Flowers vox & writer

Sorry you're both having such a rough ride of it. I'd hope a good friend would understand if you needed to pull back a bit for some space & hold off on the bump pics! It's really hard when what you want to much is right there in your face. Hope you have some good support if you feel things slipping back vox.

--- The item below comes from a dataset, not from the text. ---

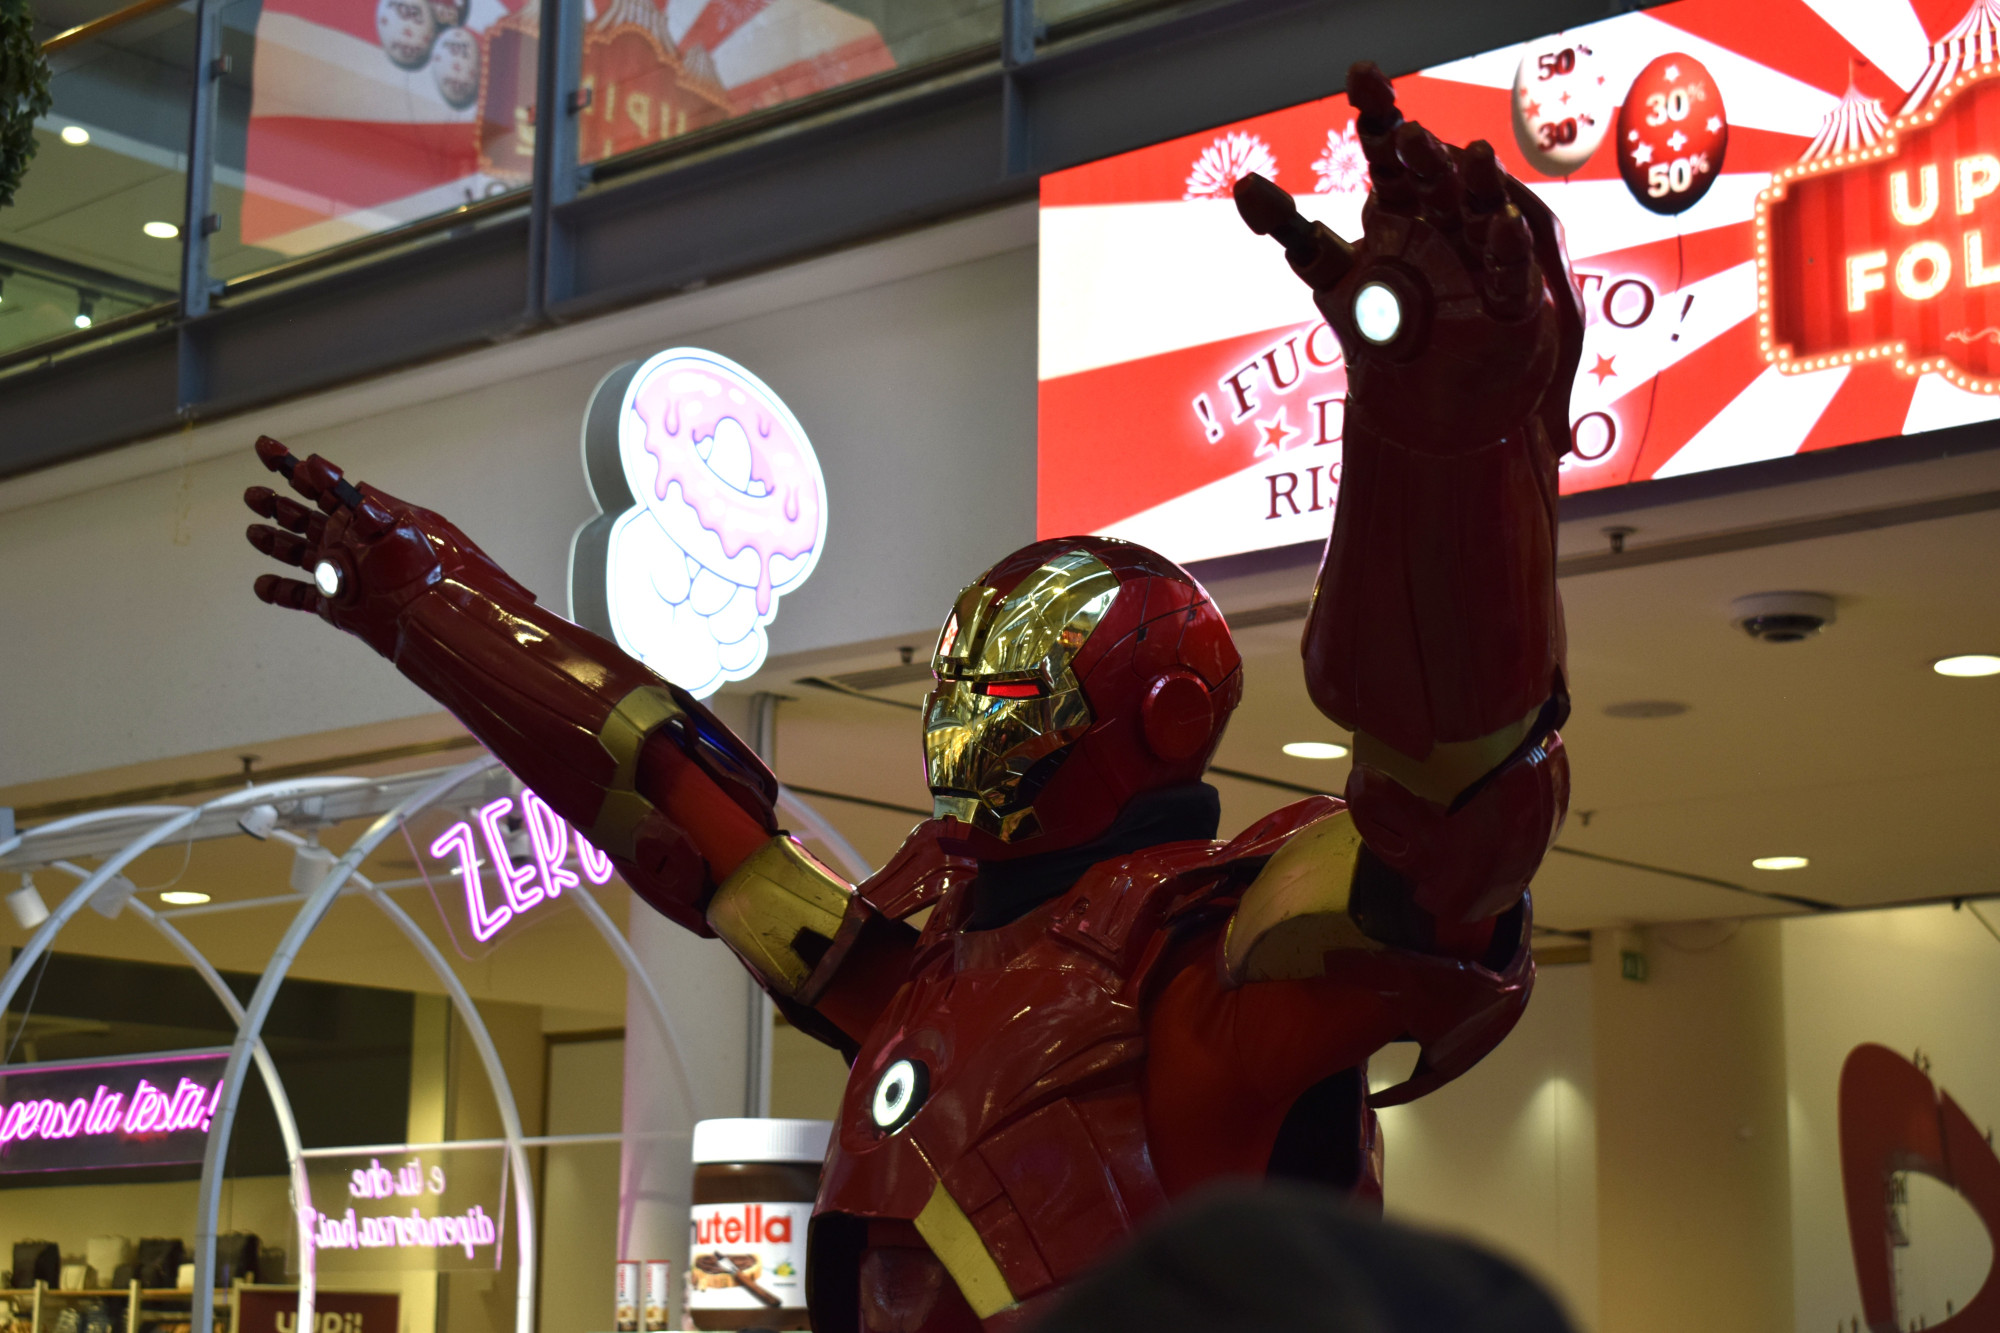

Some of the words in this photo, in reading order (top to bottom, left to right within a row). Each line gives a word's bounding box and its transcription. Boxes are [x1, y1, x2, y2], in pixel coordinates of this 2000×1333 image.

I've had a day of weird pains...forgotton what cycles off the pill are like! Hoping it's ovulation pains but who knows. I wasn't going to test opk's this time, I was planning on being all relaxed about it all never going to happen

Catlady100 · 09/10/2016 18:32

Sorry to hear you've had a hard time with your friend. Earlier this year I found out I was pregnant and didn't know how to tell my close friend who was going through IVF having tried to conceive for years. I agonised over the best way to do it but miscarried at 10 weeks before I did. I did then feel able to talk to her about the miscarriage and she was a great support. I'm sorry that your friend hasn't shown herself to be more supportive- hope you can sort things out x

PurpleHaze1 · 09/10/2016 18:47

Sorry to hear you're both having a rough time vox & writer Flowers

OP posts:
MotherofUnicorns · 09/10/2016 20:10

Oh god it is just a minefield isn't it?
I have a couple of friends who i will feel dreadful about telling if i do get pregnant again. I think honesty is always the best way though otherwise you get yourself into knots it all gets worse.
Sending a pic of a BFP is quite insensitive though i have to say.

Any more news from anyone else on here? I had 2 days of positive OPKs and this evenings was very faint so i am reading from that that i have actually ovulated which is good news for me! Only managed to get dtg once though so pretty sure i'll be on the November bus too.....
I guess i am now entering the dreaded 2ww
Hope everyone has a lovely week
x

RoseBud1987 · 09/10/2016 20:10

Sand I said that I was going to be relaxed this time and just DTD every other day. Lasted about 2 cycles lol.

voxnihili · 09/10/2016 20:24

Thanks for the messages. I've had therapy twice now but it didn't help. Whilst some of my issues stem from emotional abuse as a child, a lot are the result of a brain injury which no amount of talking will fix. I had really good results from a relatively low dose of medication and wouldn't mind spending the rest of my life on it if I needed to - it just isn't an option right now.

I'm very nervous about the promotion, I guess some of that comes from having little confidence in myself. There is also a very objective measure of whether I'm doing a successful job but it doesn't just depend on me doing my thing - there are so many other variables.

I actually feel quite stressed at the moment, which is something I've never really experienced before.

Lulu298 · 09/10/2016 21:55

Oh vox that sounds like a bad cocktail of causes (hope that doesn't come across as flippant). If the meds aren't an option right now, I hope you've got some other coping mechanisms.

It's totally understandable to be nervous about the promotion. The longer I work, the more I realise how many other people feel like frauds and that they're winging it. For ages I thought it was just me! But I have to keep reminding myself of this as I often have "wobbly" periods. I bet you're way better at your job than you think you are!

I was sorry to read of your loss at 10 weeks catlady Flowers

Good news that you had two days of positive OPKs unicorn. Fx!

I got a positive opk today on cd18. We did the dtg last night but oh is ill tonight so doubt this will be our month. Does anyone know when you ovulate after a positive Opk?